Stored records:

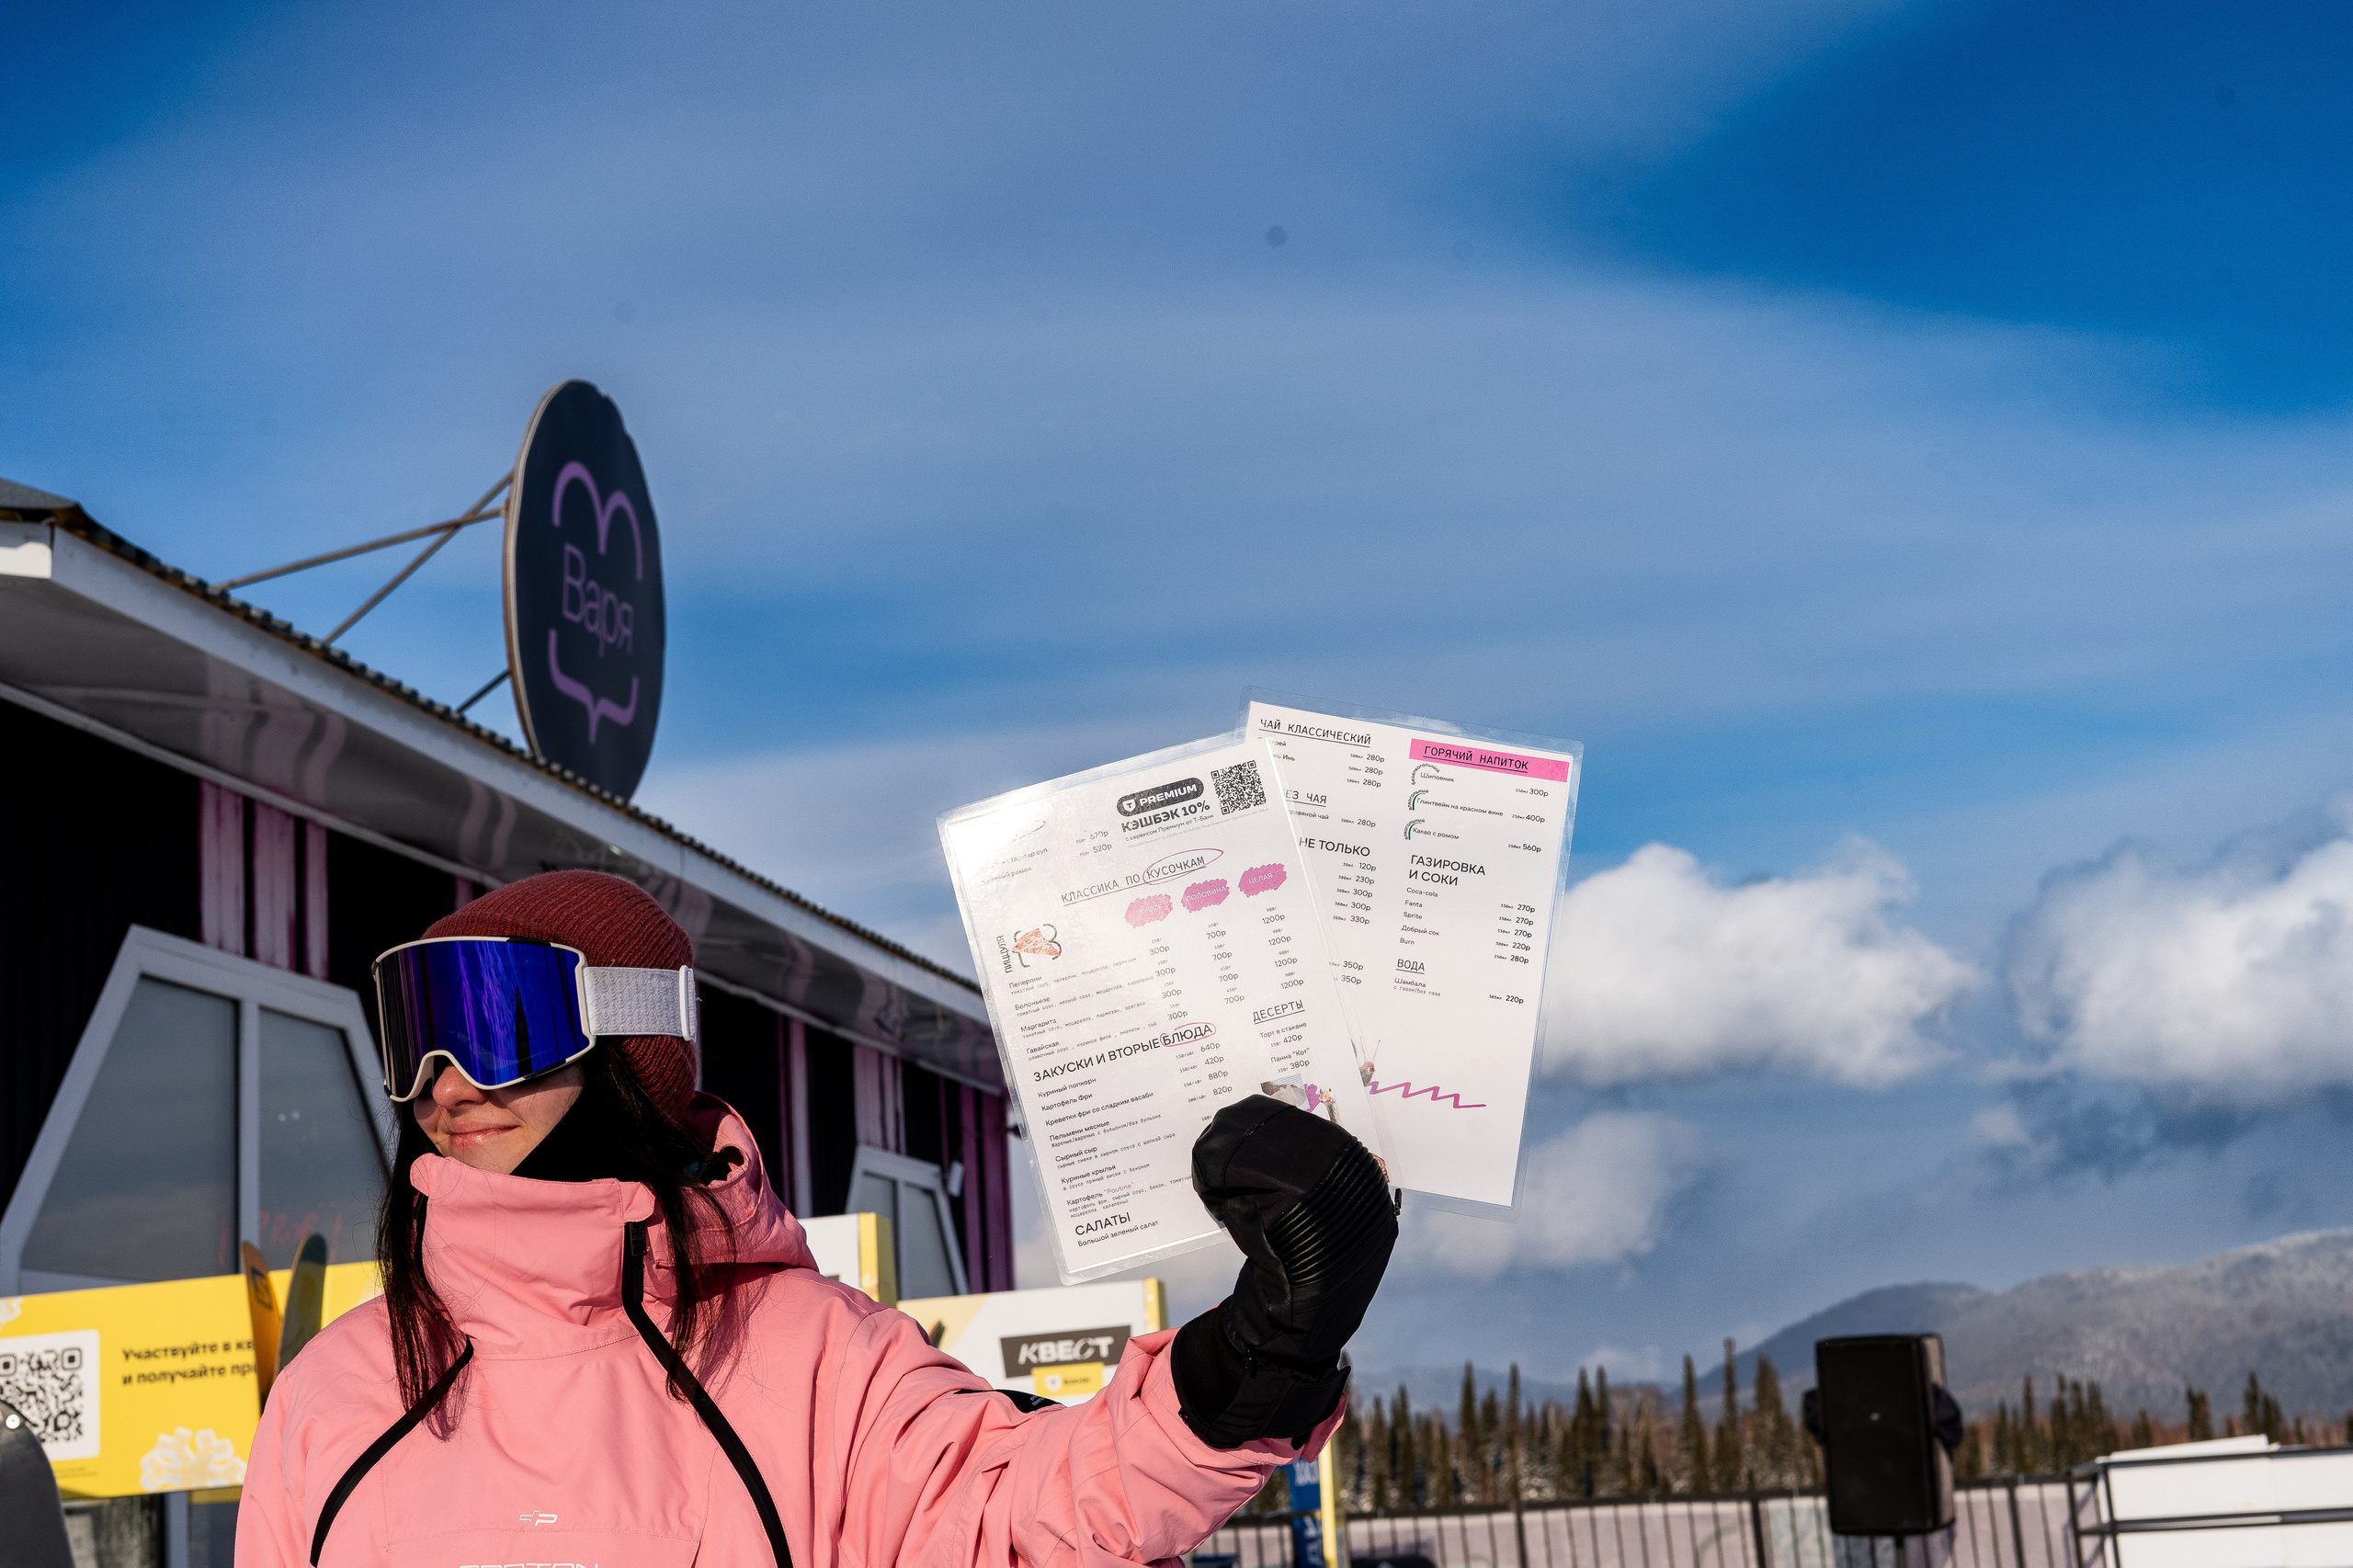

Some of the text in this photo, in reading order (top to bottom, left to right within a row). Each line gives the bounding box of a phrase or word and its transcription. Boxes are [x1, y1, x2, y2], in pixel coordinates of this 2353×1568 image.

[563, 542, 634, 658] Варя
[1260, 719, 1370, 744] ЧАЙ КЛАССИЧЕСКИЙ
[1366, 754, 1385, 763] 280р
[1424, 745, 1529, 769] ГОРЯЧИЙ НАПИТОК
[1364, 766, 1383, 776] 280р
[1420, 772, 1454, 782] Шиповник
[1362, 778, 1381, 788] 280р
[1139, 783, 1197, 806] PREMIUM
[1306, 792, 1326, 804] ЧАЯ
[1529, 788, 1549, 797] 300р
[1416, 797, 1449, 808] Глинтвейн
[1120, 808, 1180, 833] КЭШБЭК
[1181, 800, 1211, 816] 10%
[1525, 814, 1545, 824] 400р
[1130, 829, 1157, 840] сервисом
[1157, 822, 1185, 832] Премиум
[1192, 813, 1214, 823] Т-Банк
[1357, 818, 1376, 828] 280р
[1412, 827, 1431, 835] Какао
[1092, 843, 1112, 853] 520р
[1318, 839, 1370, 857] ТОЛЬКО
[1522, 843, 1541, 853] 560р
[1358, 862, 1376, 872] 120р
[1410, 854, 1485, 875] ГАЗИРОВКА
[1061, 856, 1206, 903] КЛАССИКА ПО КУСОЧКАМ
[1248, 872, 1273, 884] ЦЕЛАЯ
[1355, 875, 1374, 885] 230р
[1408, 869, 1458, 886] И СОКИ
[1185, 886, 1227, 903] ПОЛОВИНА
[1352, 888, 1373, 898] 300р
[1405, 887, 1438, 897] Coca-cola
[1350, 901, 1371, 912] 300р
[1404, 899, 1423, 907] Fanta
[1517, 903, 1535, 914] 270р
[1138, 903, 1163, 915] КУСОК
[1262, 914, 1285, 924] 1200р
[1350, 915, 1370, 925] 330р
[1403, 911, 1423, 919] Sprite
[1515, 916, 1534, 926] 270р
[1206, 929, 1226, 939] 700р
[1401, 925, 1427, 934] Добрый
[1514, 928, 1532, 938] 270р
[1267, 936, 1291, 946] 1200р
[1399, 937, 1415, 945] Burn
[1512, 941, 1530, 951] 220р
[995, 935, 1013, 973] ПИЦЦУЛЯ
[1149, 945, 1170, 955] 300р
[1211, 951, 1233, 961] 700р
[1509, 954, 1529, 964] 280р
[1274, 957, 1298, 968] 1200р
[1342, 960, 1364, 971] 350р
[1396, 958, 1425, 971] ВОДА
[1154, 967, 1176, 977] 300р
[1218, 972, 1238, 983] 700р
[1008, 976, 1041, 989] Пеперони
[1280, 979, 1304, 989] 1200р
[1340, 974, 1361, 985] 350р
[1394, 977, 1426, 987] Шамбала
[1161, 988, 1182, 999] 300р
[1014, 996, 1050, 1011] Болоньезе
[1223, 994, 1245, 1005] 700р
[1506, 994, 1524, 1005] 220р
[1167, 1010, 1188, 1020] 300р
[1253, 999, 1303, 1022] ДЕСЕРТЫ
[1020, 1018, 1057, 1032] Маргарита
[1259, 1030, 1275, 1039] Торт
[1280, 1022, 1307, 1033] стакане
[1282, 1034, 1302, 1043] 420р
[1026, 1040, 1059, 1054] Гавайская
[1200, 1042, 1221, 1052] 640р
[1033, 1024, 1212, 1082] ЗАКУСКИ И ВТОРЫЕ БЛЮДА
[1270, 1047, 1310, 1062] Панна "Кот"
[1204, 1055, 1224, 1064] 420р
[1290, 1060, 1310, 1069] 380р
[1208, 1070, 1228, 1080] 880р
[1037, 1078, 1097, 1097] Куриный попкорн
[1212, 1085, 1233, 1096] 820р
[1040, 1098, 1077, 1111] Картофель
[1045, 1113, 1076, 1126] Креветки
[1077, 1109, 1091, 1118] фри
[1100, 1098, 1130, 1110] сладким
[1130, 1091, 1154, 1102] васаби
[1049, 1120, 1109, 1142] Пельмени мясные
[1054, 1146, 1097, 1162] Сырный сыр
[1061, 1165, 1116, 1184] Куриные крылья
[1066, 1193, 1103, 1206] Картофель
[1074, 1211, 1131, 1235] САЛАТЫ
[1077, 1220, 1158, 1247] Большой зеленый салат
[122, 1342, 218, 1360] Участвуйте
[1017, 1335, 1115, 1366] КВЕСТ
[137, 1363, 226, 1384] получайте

_EXERCISE GOAL:_ Without including any picture, set down every line above exactly as it stands.

_EXPECTED OUTPUT:_
Some of the text in this photo, in reading order (top to bottom, left to right within a row). Each line gives the bounding box of a phrase or word and its transcription. Boxes are [x1, y1, x2, y2], in pixel coordinates of this 2353×1568 image.

[563, 542, 634, 658] Варя
[1260, 719, 1370, 744] ЧАЙ КЛАССИЧЕСКИЙ
[1366, 754, 1385, 763] 280р
[1424, 745, 1529, 769] ГОРЯЧИЙ НАПИТОК
[1364, 766, 1383, 776] 280р
[1420, 772, 1454, 782] Шиповник
[1362, 778, 1381, 788] 280р
[1139, 783, 1197, 806] PREMIUM
[1306, 792, 1326, 804] ЧАЯ
[1529, 788, 1549, 797] 300р
[1416, 797, 1449, 808] Глинтвейн
[1120, 808, 1180, 833] КЭШБЭК
[1181, 800, 1211, 816] 10%
[1525, 814, 1545, 824] 400р
[1130, 829, 1157, 840] сервисом
[1157, 822, 1185, 832] Премиум
[1192, 813, 1214, 823] Т-Банк
[1357, 818, 1376, 828] 280р
[1412, 827, 1431, 835] Какао
[1092, 843, 1112, 853] 520р
[1318, 839, 1370, 857] ТОЛЬКО
[1522, 843, 1541, 853] 560р
[1358, 862, 1376, 872] 120р
[1410, 854, 1485, 875] ГАЗИРОВКА
[1061, 856, 1206, 903] КЛАССИКА ПО КУСОЧКАМ
[1248, 872, 1273, 884] ЦЕЛАЯ
[1355, 875, 1374, 885] 230р
[1408, 869, 1458, 886] И СОКИ
[1185, 886, 1227, 903] ПОЛОВИНА
[1352, 888, 1373, 898] 300р
[1405, 887, 1438, 897] Coca-cola
[1350, 901, 1371, 912] 300р
[1404, 899, 1423, 907] Fanta
[1517, 903, 1535, 914] 270р
[1138, 903, 1163, 915] КУСОК
[1262, 914, 1285, 924] 1200р
[1350, 915, 1370, 925] 330р
[1403, 911, 1423, 919] Sprite
[1515, 916, 1534, 926] 270р
[1206, 929, 1226, 939] 700р
[1401, 925, 1427, 934] Добрый
[1514, 928, 1532, 938] 270р
[1267, 936, 1291, 946] 1200р
[1399, 937, 1415, 945] Burn
[1512, 941, 1530, 951] 220р
[995, 935, 1013, 973] ПИЦЦУЛЯ
[1149, 945, 1170, 955] 300р
[1211, 951, 1233, 961] 700р
[1509, 954, 1529, 964] 280р
[1274, 957, 1298, 968] 1200р
[1342, 960, 1364, 971] 350р
[1396, 958, 1425, 971] ВОДА
[1154, 967, 1176, 977] 300р
[1218, 972, 1238, 983] 700р
[1008, 976, 1041, 989] Пеперони
[1280, 979, 1304, 989] 1200р
[1340, 974, 1361, 985] 350р
[1394, 977, 1426, 987] Шамбала
[1161, 988, 1182, 999] 300р
[1014, 996, 1050, 1011] Болоньезе
[1223, 994, 1245, 1005] 700р
[1506, 994, 1524, 1005] 220р
[1167, 1010, 1188, 1020] 300р
[1253, 999, 1303, 1022] ДЕСЕРТЫ
[1020, 1018, 1057, 1032] Маргарита
[1259, 1030, 1275, 1039] Торт
[1280, 1022, 1307, 1033] стакане
[1282, 1034, 1302, 1043] 420р
[1026, 1040, 1059, 1054] Гавайская
[1200, 1042, 1221, 1052] 640р
[1033, 1024, 1212, 1082] ЗАКУСКИ И ВТОРЫЕ БЛЮДА
[1270, 1047, 1310, 1062] Панна "Кот"
[1204, 1055, 1224, 1064] 420р
[1290, 1060, 1310, 1069] 380р
[1208, 1070, 1228, 1080] 880р
[1037, 1078, 1097, 1097] Куриный попкорн
[1212, 1085, 1233, 1096] 820р
[1040, 1098, 1077, 1111] Картофель
[1045, 1113, 1076, 1126] Креветки
[1077, 1109, 1091, 1118] фри
[1100, 1098, 1130, 1110] сладким
[1130, 1091, 1154, 1102] васаби
[1049, 1120, 1109, 1142] Пельмени мясные
[1054, 1146, 1097, 1162] Сырный сыр
[1061, 1165, 1116, 1184] Куриные крылья
[1066, 1193, 1103, 1206] Картофель
[1074, 1211, 1131, 1235] САЛАТЫ
[1077, 1220, 1158, 1247] Большой зеленый салат
[122, 1342, 218, 1360] Участвуйте
[1017, 1335, 1115, 1366] КВЕСТ
[137, 1363, 226, 1384] получайте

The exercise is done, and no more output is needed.